Ich bin jetzt regelmäßig Spinnfischen auf waller unterhalb des Abwindener Kraftwerks. Aber außer dass die Karpfen 2 Meter vor einen Füßen springen habe ich noch nichts beobachen können was auf einen Waller hindeuten könnte.
Wie schauts bei dir aus? Schon irgendwelche Erkenntnisse gewonnen wo wie was geht?

mfg
MICHI


----------



## Achim_68 (9. Mai 2006)

*AW: Wels fischen in der Donau*

Hallo fib-altenberg,

rob ist einer der Silurus-Experten, die mir spontan zum Thema einfallen.
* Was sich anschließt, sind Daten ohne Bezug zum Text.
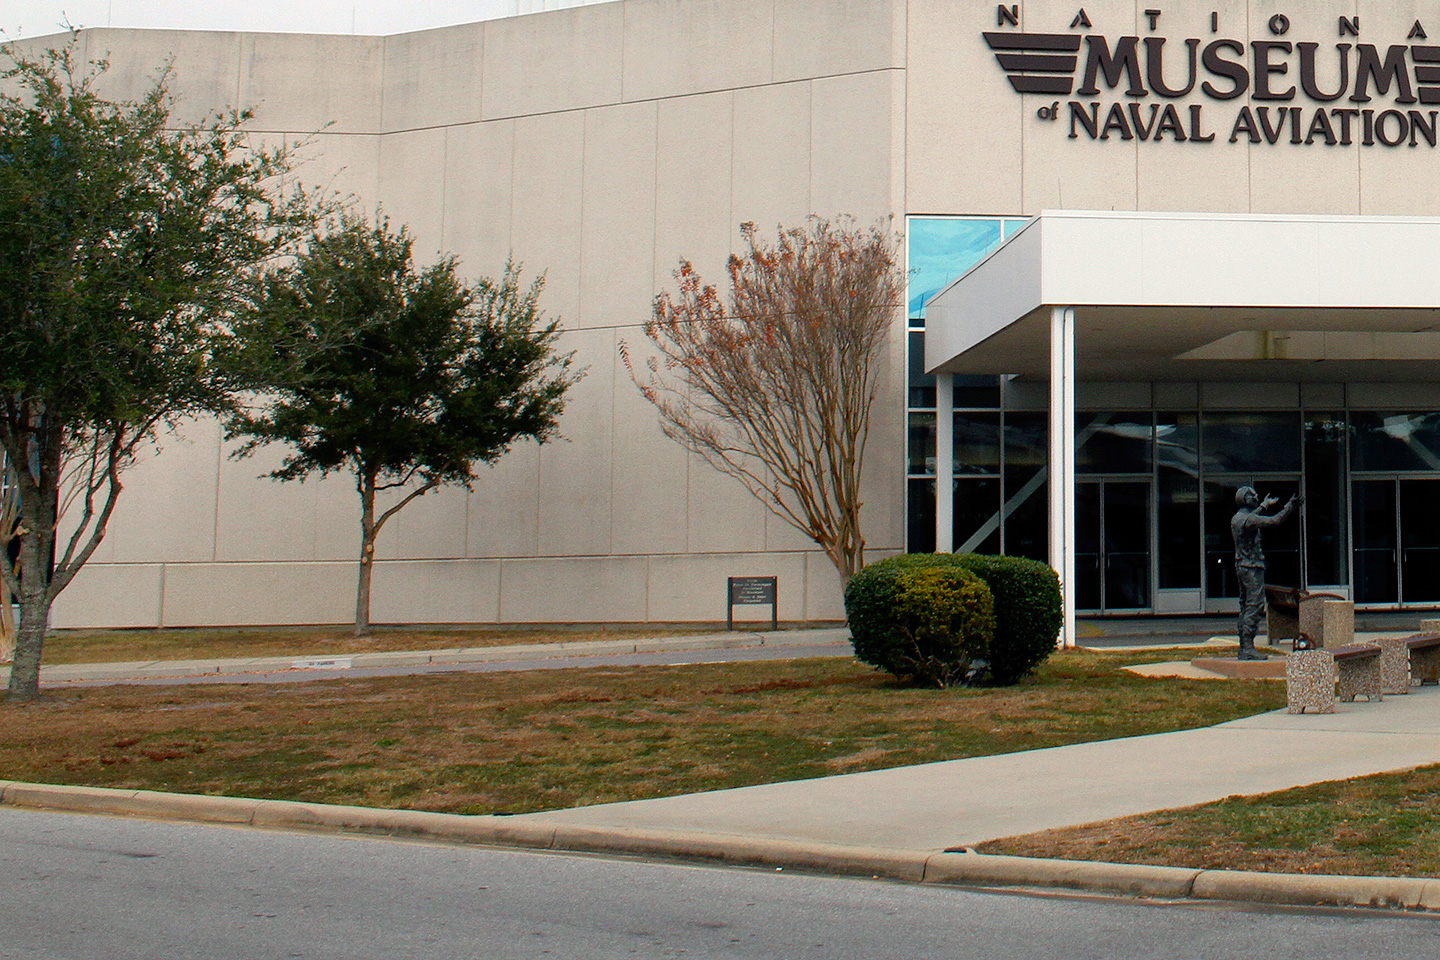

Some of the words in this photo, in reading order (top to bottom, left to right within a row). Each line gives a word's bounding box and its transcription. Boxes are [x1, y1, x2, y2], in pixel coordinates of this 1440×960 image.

Er angelt fast ausschliessl,ch in einem Altarm der Donau bei Altenwörth(?).
Schreib ihm doch mal ne PM - er kann dir bestimmt weiterhelfen


----------



## fib-altenberg (9. Mai 2006)

*AW: Wels fischen in der Donau*

@fishmike
hallo ich fische im revier _"Pleschingerrecht - rechte Seite und Häfen Linz"._

auf wels habe ich es heuer noch nicht sehr intensiv probiert, da es in diesem revier erst ab 1.juni erlaubt ist mit köderfischen, spinner, ... zu fischen. im mai herrscht ein generelles, von mir nicht verstandenes fisch verbot (da ja sowieso jede fischart seine individuelle schonzeit hat#c ).

wenn ich auf wels geangelt habe, dann habe ich es mit einem wurmbündel und mit u-pose in der donau beim sport-yacht-hafen probiert. aber leider ohne nennenswerten erfolg|kopfkrat .
aber wie wir ja wissen: "die hoffnung stirbt zuletzt".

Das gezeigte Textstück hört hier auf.